Apart from the pictures, everything in the lines below must be printed exactly.

• [The input]:
• • • • •

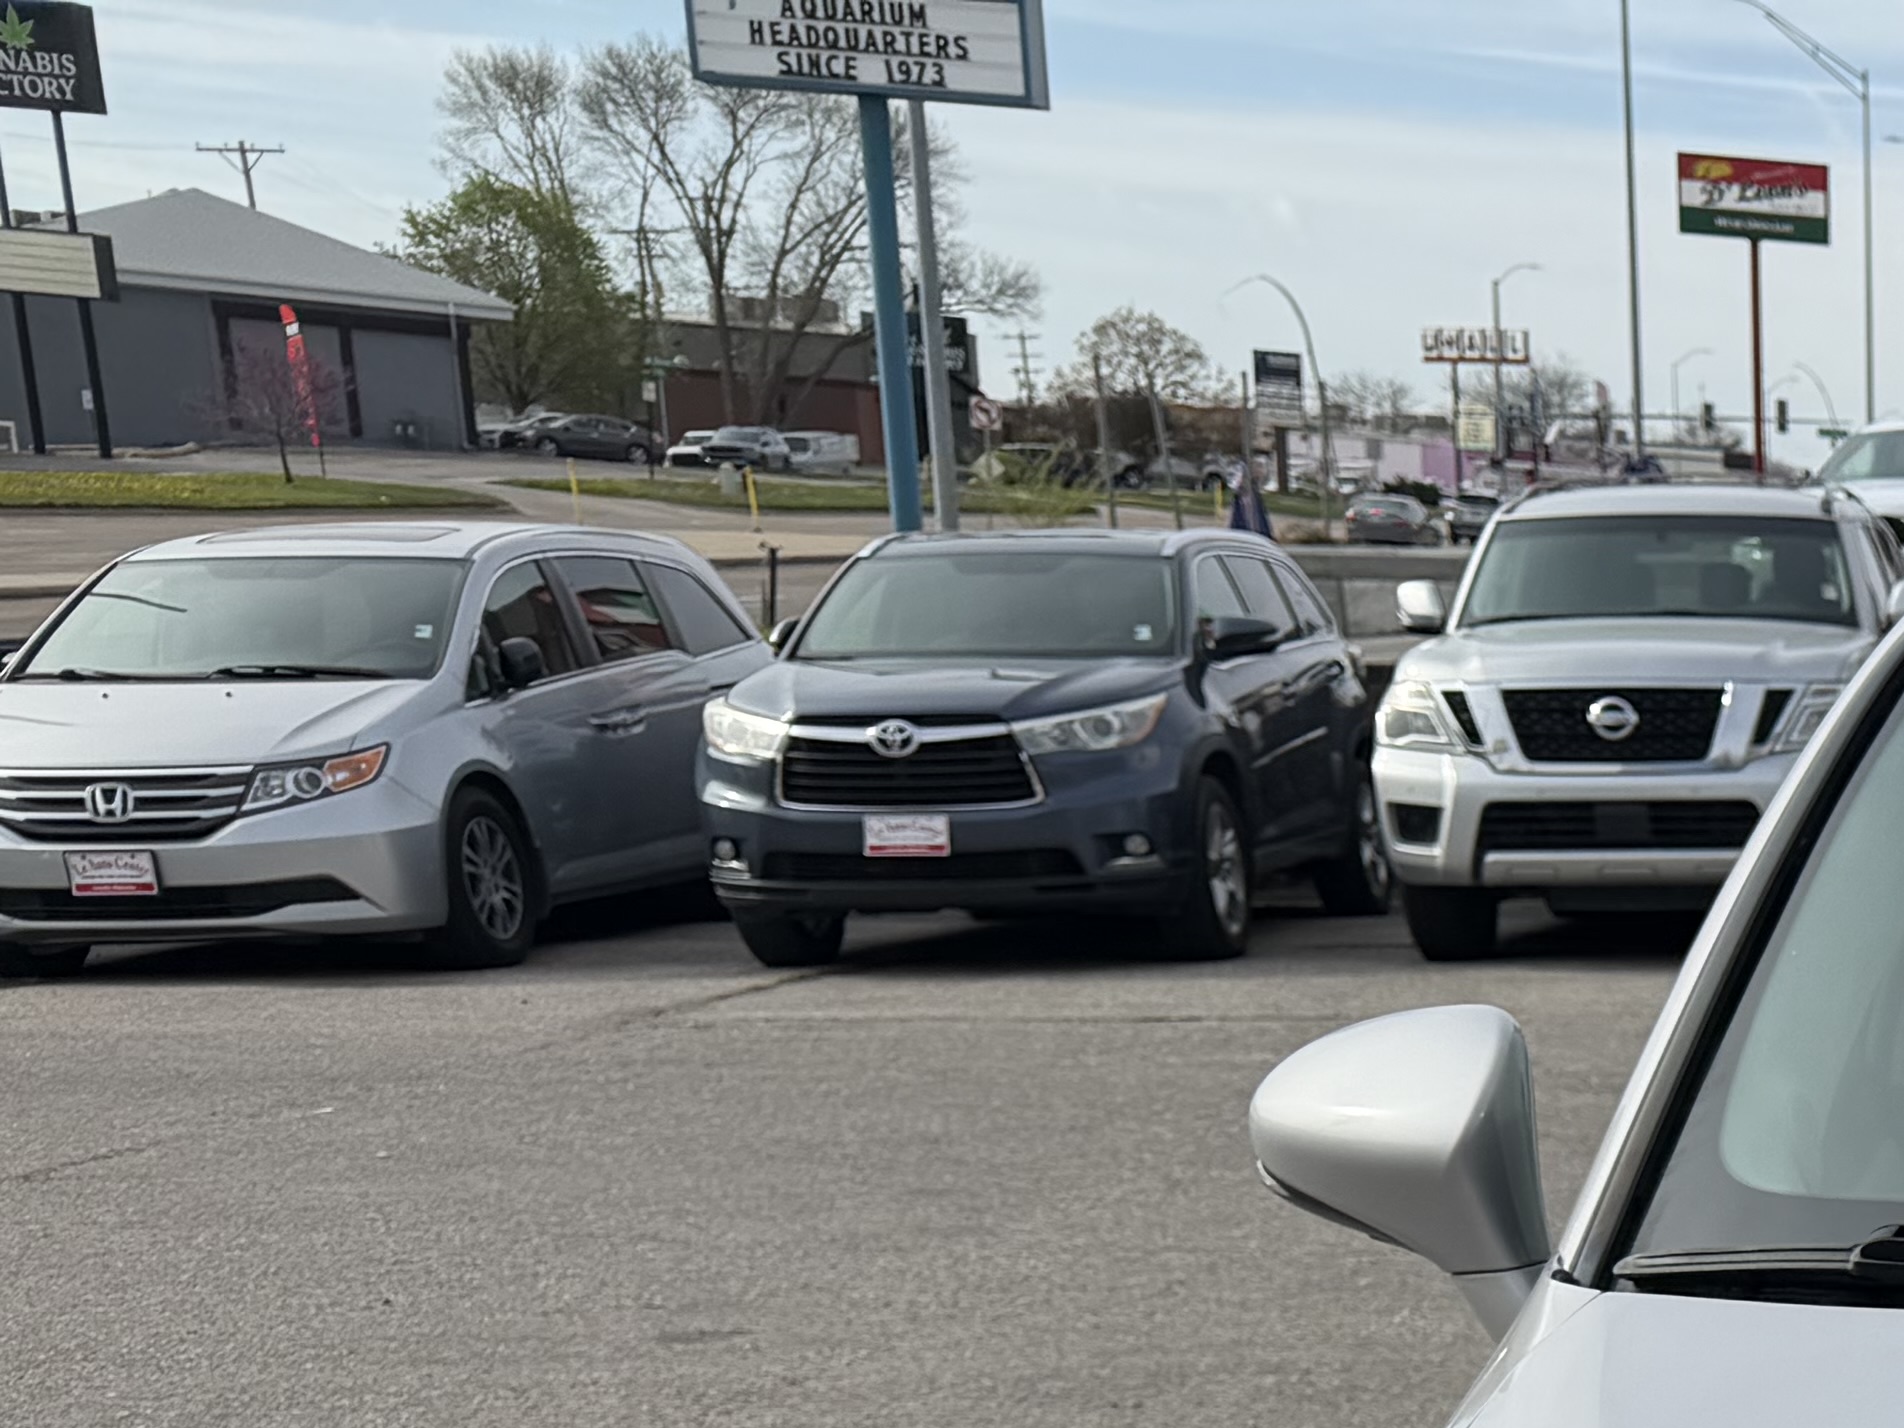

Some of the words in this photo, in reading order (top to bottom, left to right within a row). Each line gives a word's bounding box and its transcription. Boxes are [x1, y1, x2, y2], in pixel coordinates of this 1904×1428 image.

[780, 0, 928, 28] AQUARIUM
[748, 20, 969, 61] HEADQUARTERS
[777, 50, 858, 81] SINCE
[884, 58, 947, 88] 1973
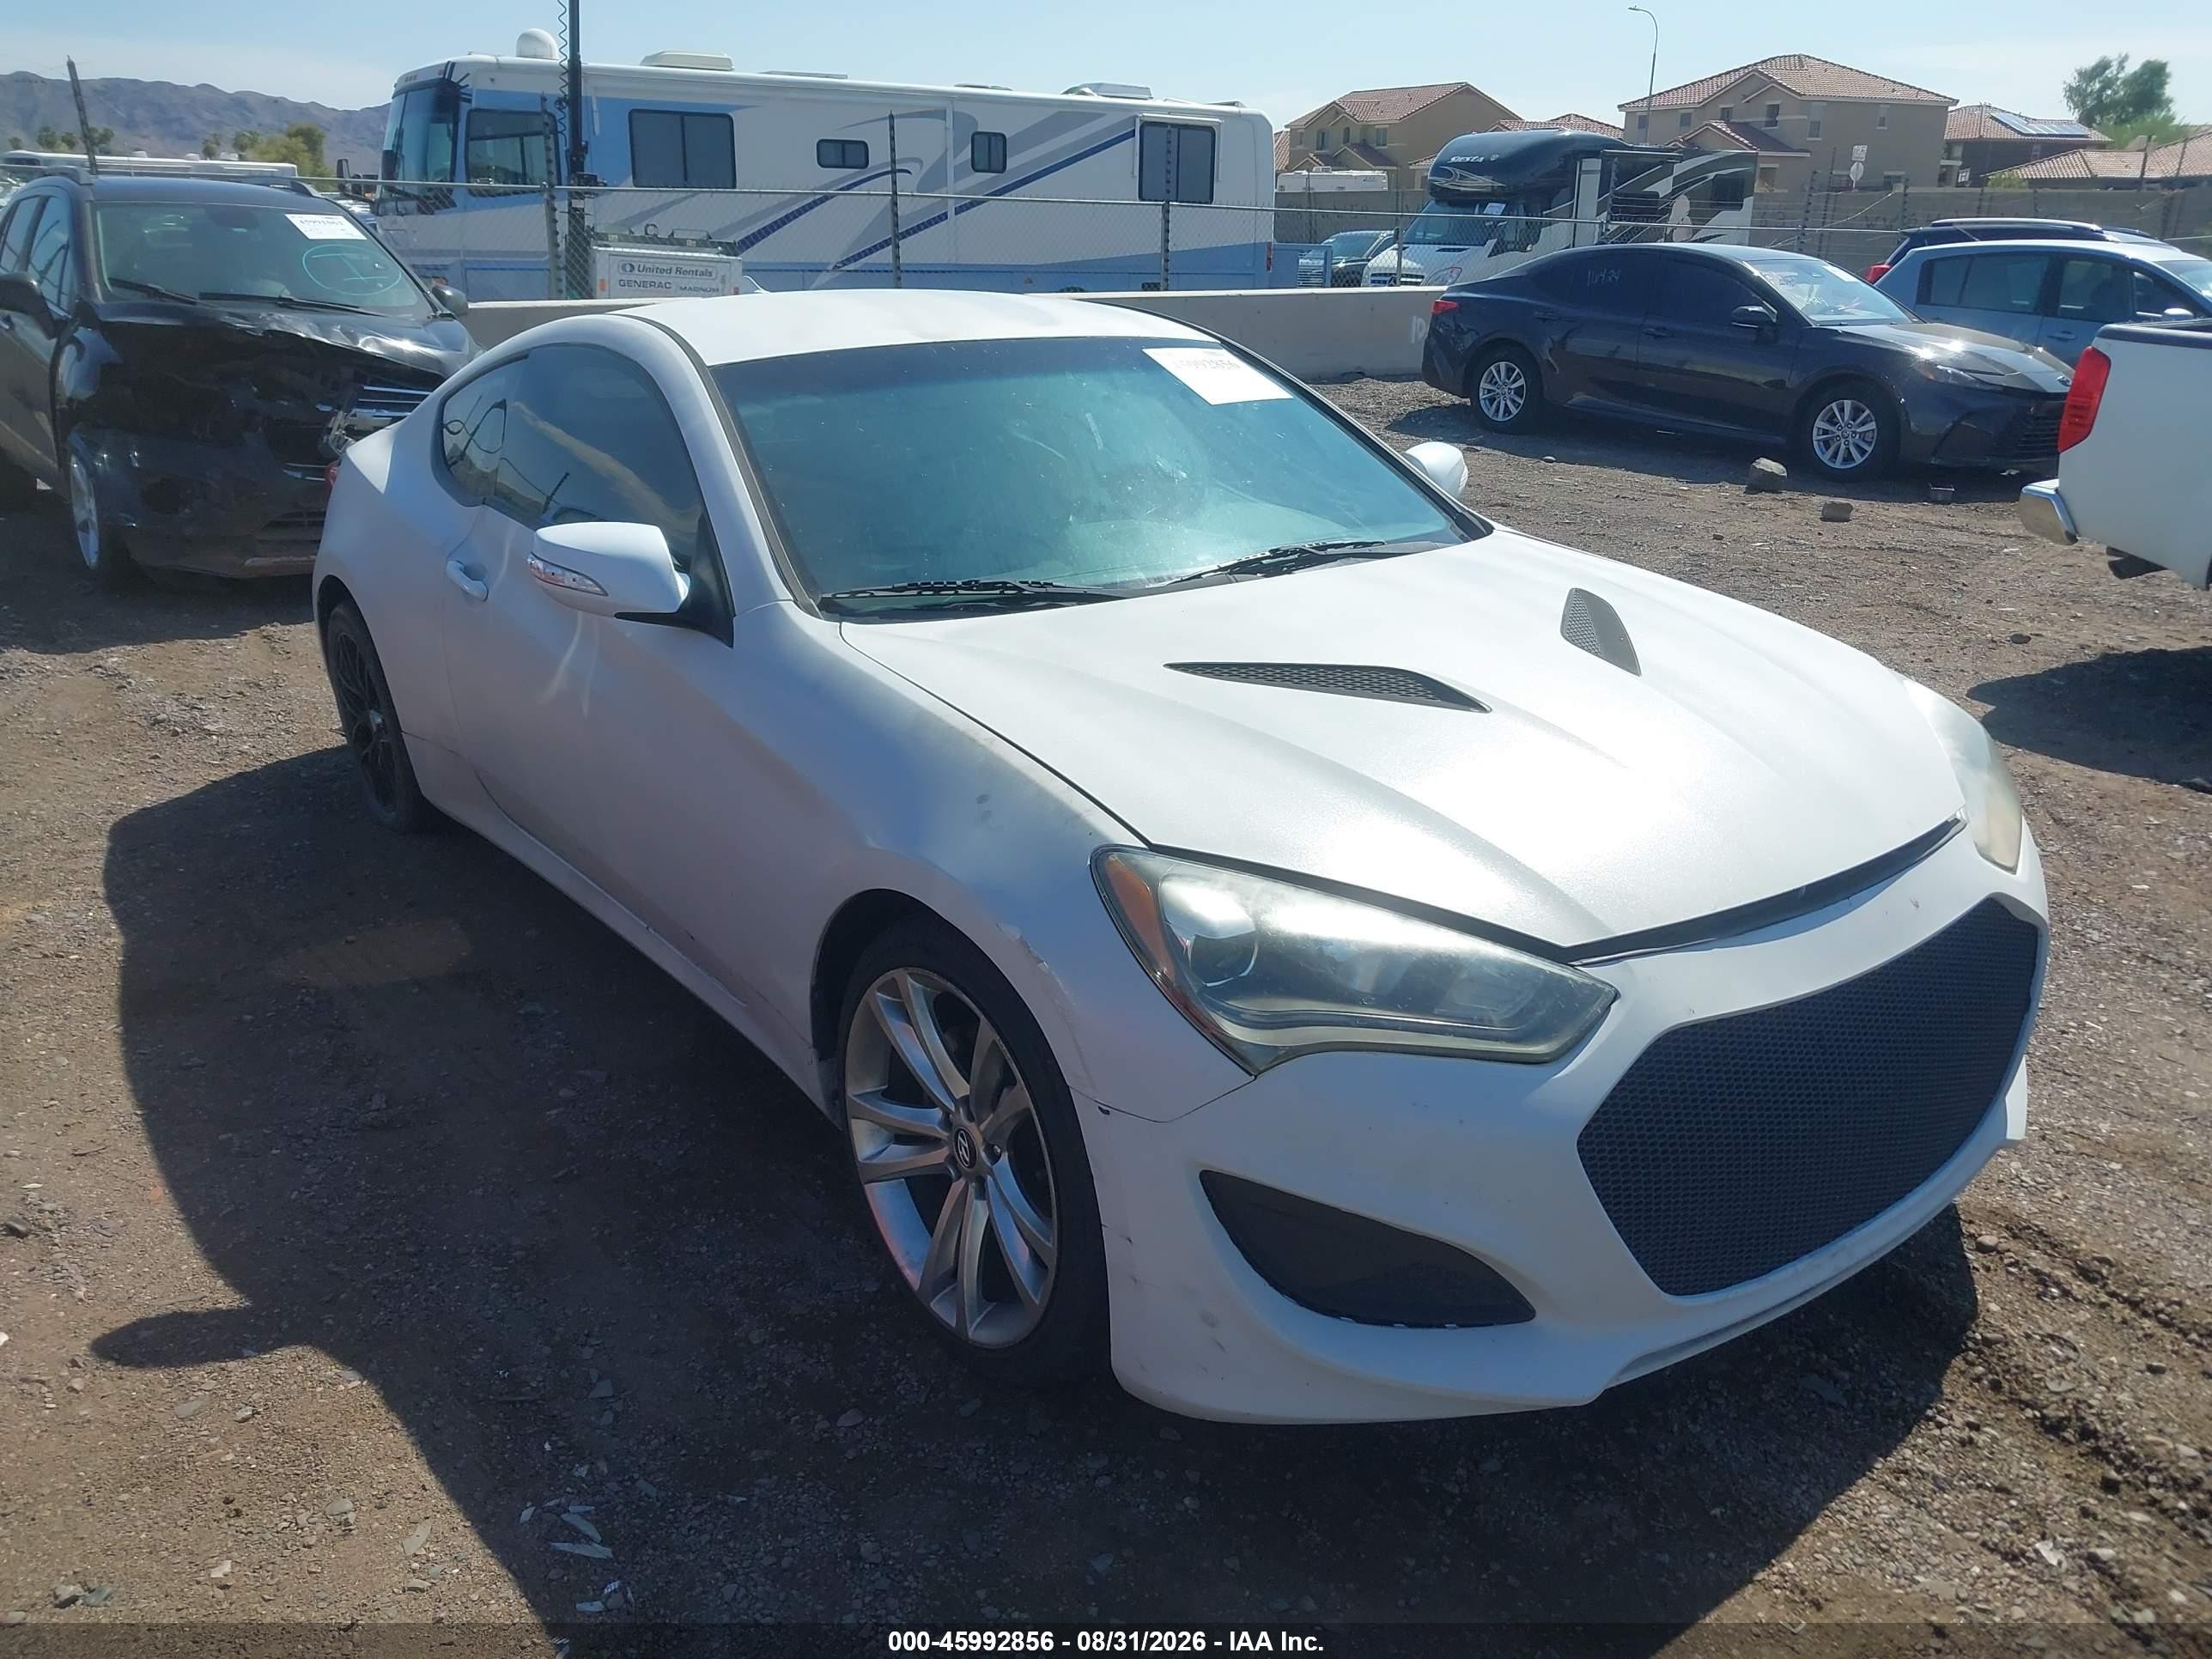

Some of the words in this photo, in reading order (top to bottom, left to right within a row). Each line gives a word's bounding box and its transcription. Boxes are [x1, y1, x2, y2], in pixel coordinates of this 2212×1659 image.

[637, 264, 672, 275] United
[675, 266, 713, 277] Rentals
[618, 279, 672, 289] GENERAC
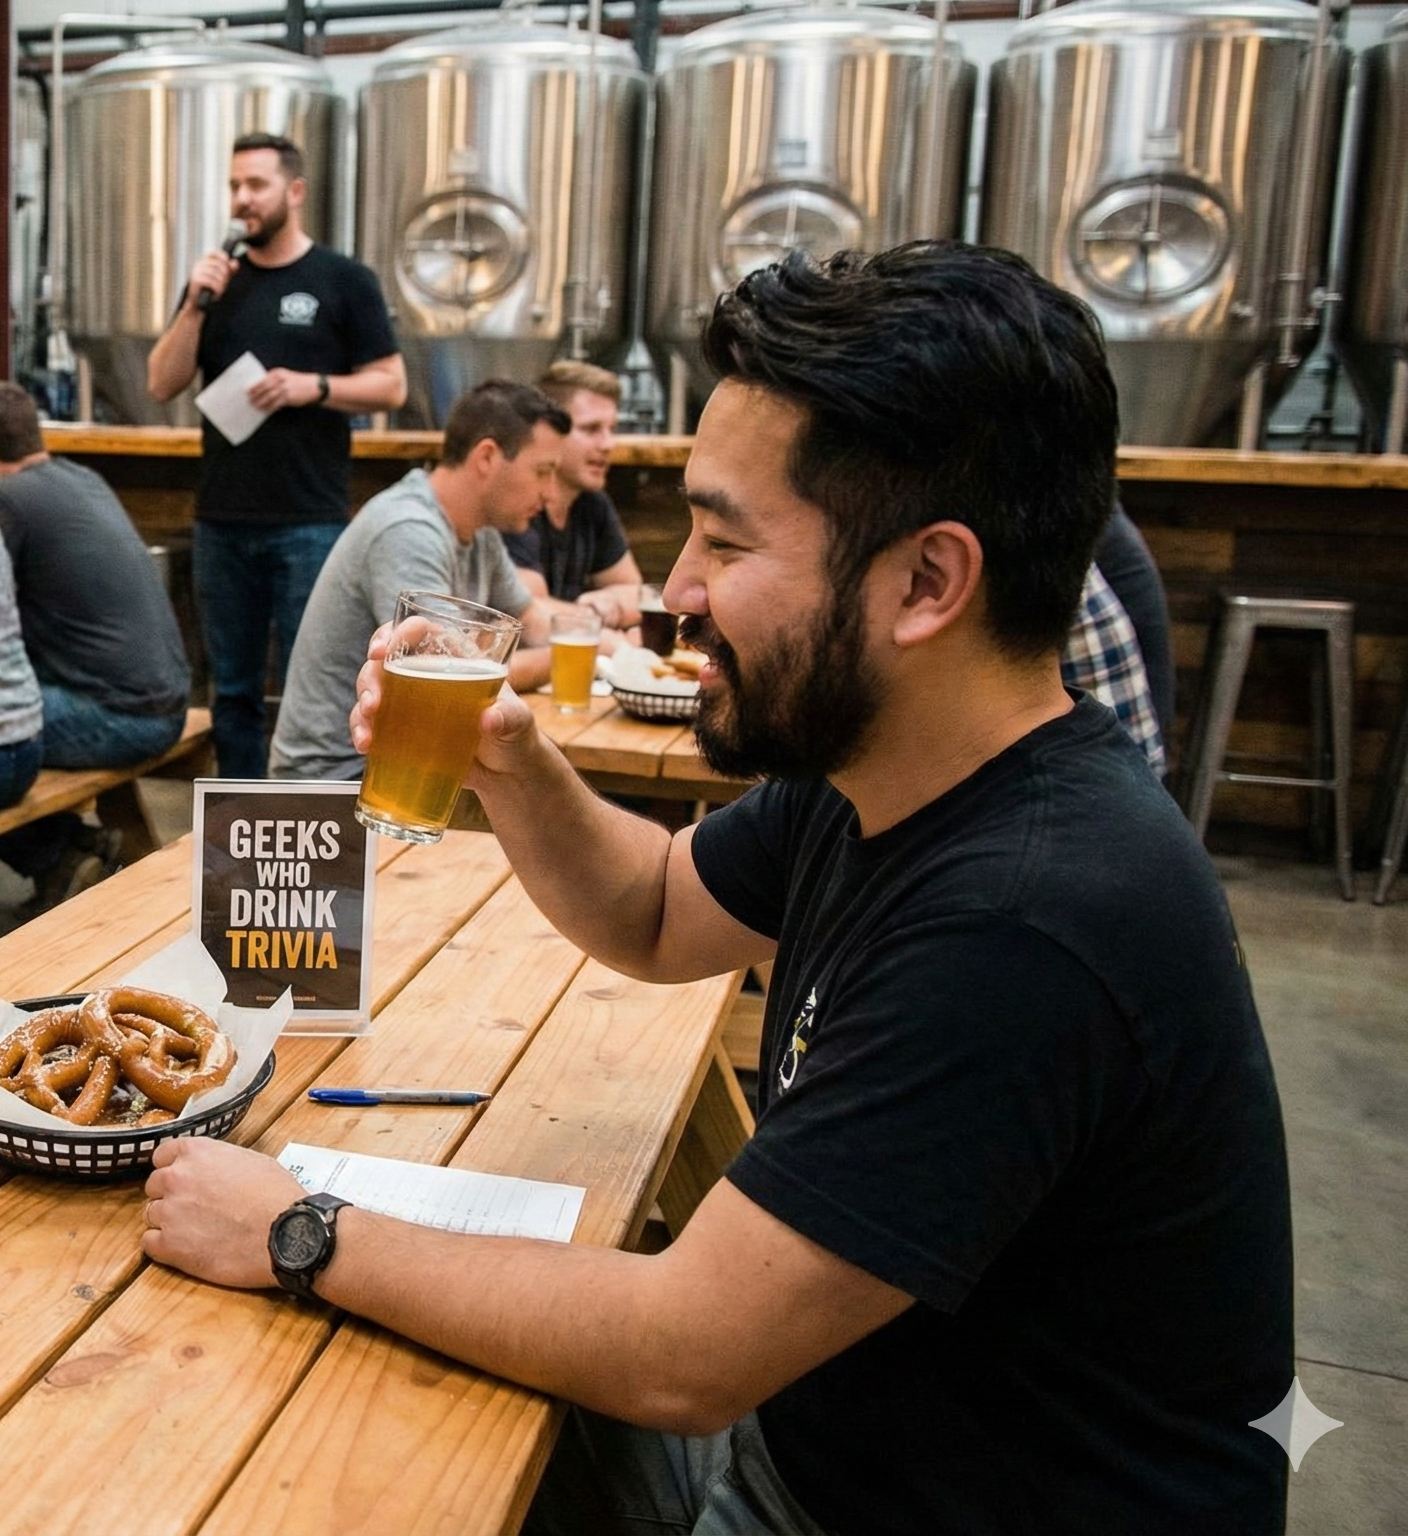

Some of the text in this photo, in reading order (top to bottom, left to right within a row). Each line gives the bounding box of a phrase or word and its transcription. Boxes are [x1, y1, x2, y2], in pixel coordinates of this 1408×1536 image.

• • • • •

• [Expected answer]:
Some of the words in this photo, in reading order (top to bottom, left to right within a row). Each line gives a word's bounding box and its transcription. Boxes are [x1, y1, x2, y2], in pixel coordinates of this 1904×1428 image.

[780, 0, 928, 28] AQUARIUM
[748, 20, 969, 61] HEADQUARTERS
[777, 50, 858, 81] SINCE
[884, 58, 947, 88] 1973

Some of the words in this photo, in reading order (top to bottom, left to right within a row). Each line gives a word's bounding box and its transcription. Boxes are [x1, y1, x2, y2], in pixel coordinates of this 2212×1659 image.

[637, 264, 672, 275] United
[675, 266, 713, 277] Rentals
[618, 279, 672, 289] GENERAC

Some of the text in this photo, in reading order (top to bottom, left to right within a row). Each line gives the bounding box of a phrase or word and its transcription. Boxes are [x1, y1, x2, y2], in pixel coordinates of this 1408×1536 image.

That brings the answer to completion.